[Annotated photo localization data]
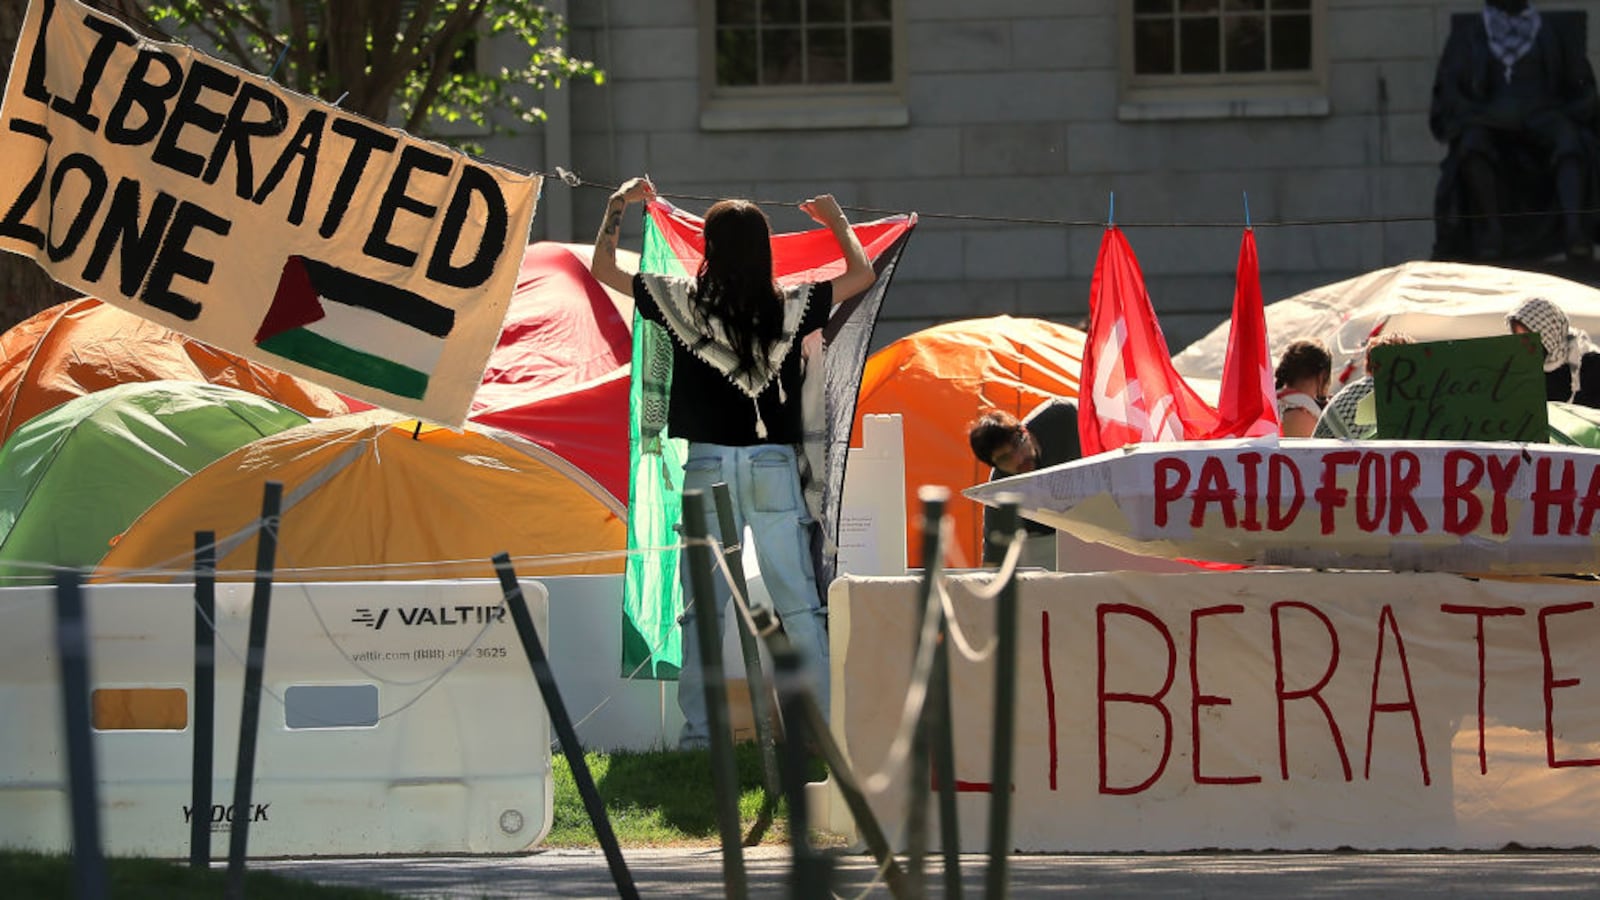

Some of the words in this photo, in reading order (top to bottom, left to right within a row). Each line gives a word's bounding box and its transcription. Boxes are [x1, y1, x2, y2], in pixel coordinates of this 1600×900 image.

[23, 0, 508, 289] LIBERATED
[0, 118, 232, 321] ZONE
[1154, 452, 1305, 532] PAID
[1314, 450, 1429, 535] FOR
[1443, 450, 1521, 536] BY
[398, 606, 507, 625] VALTIR
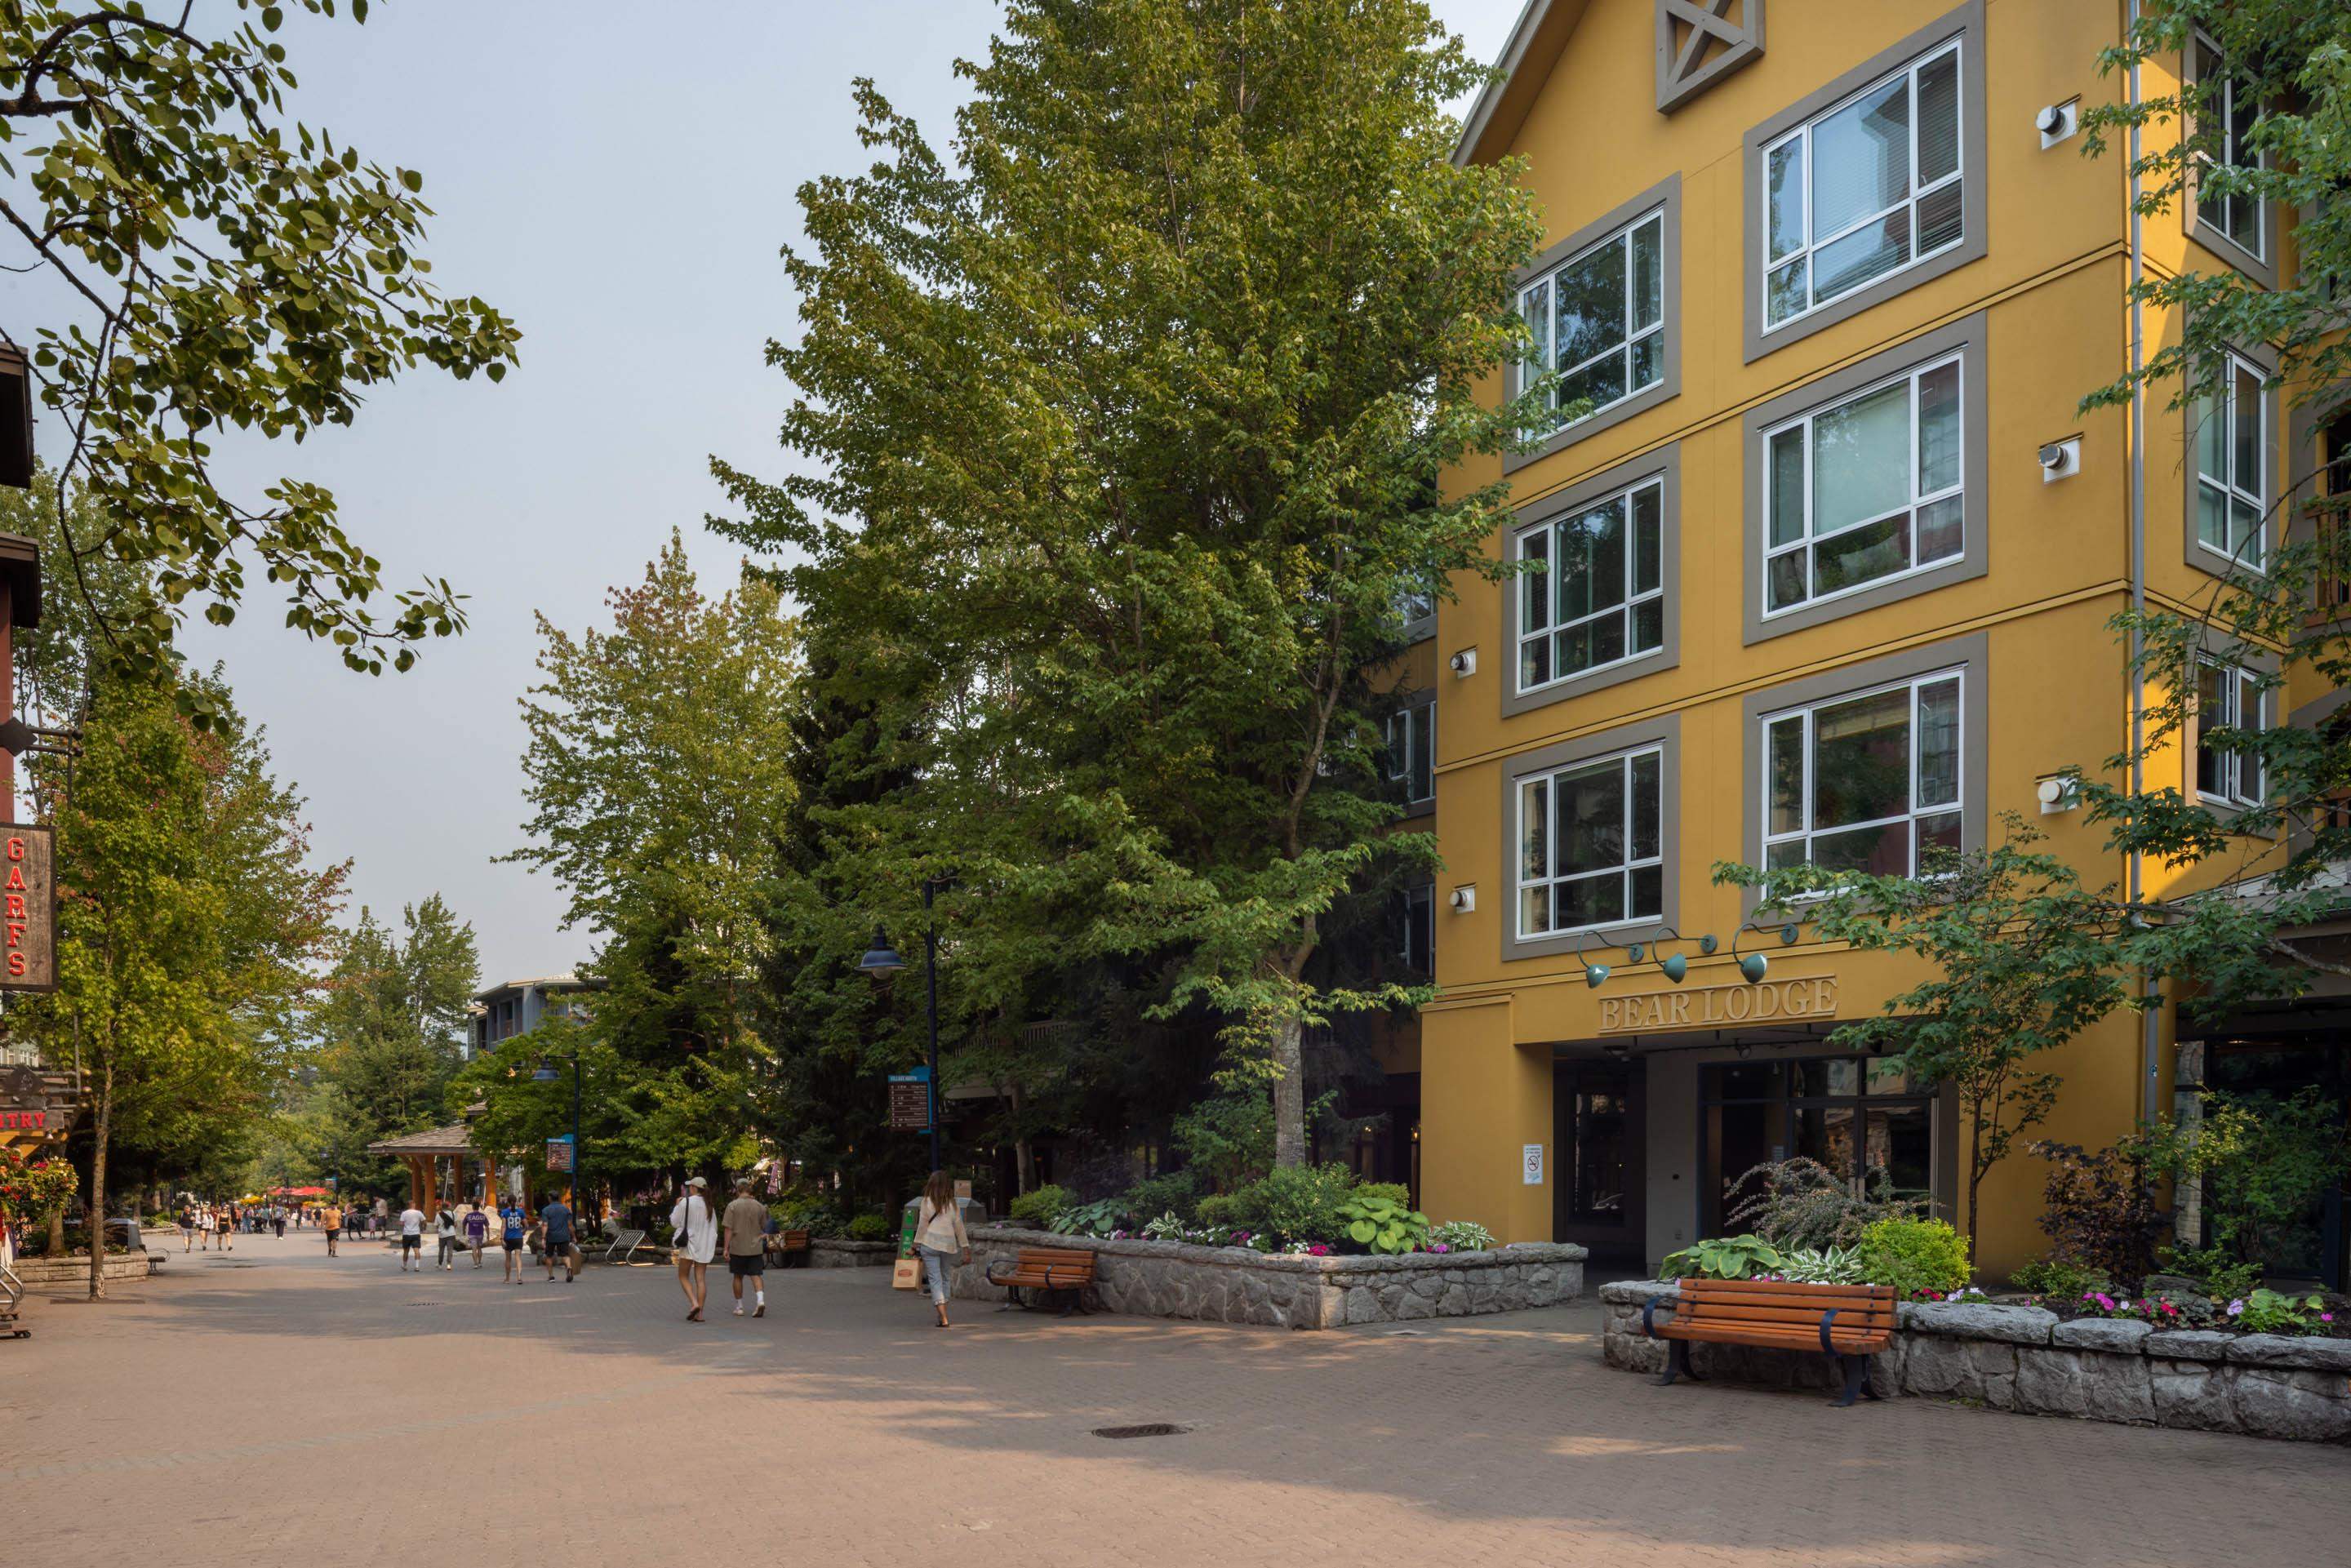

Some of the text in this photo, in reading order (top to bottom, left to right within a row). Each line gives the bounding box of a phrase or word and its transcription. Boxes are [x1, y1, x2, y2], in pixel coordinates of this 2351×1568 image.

[6, 837, 27, 977] GARFS
[1600, 978, 1838, 1031] BEAR LODGE
[508, 1216, 522, 1228] 88

What is expected:
Verbatim copy with pictures excluded: write out the records above in full.

Answer for the task:
Some of the words in this photo, in reading order (top to bottom, left to right within a row). Each line gives a word's bounding box and its transcription. Boxes are [x1, y1, x2, y2], in pixel coordinates of this 1600×900 image.

[23, 0, 508, 289] LIBERATED
[0, 118, 232, 321] ZONE
[1154, 452, 1305, 532] PAID
[1314, 450, 1429, 535] FOR
[1443, 450, 1521, 536] BY
[398, 606, 507, 625] VALTIR

Some of the text in this photo, in reading order (top to bottom, left to right within a row). Each line gives the bounding box of a phrase or word and its transcription. Boxes are [x1, y1, x2, y2], in pixel coordinates of this 2351×1568 image.

[6, 837, 27, 977] GARFS
[1600, 978, 1838, 1031] BEAR LODGE
[508, 1216, 522, 1228] 88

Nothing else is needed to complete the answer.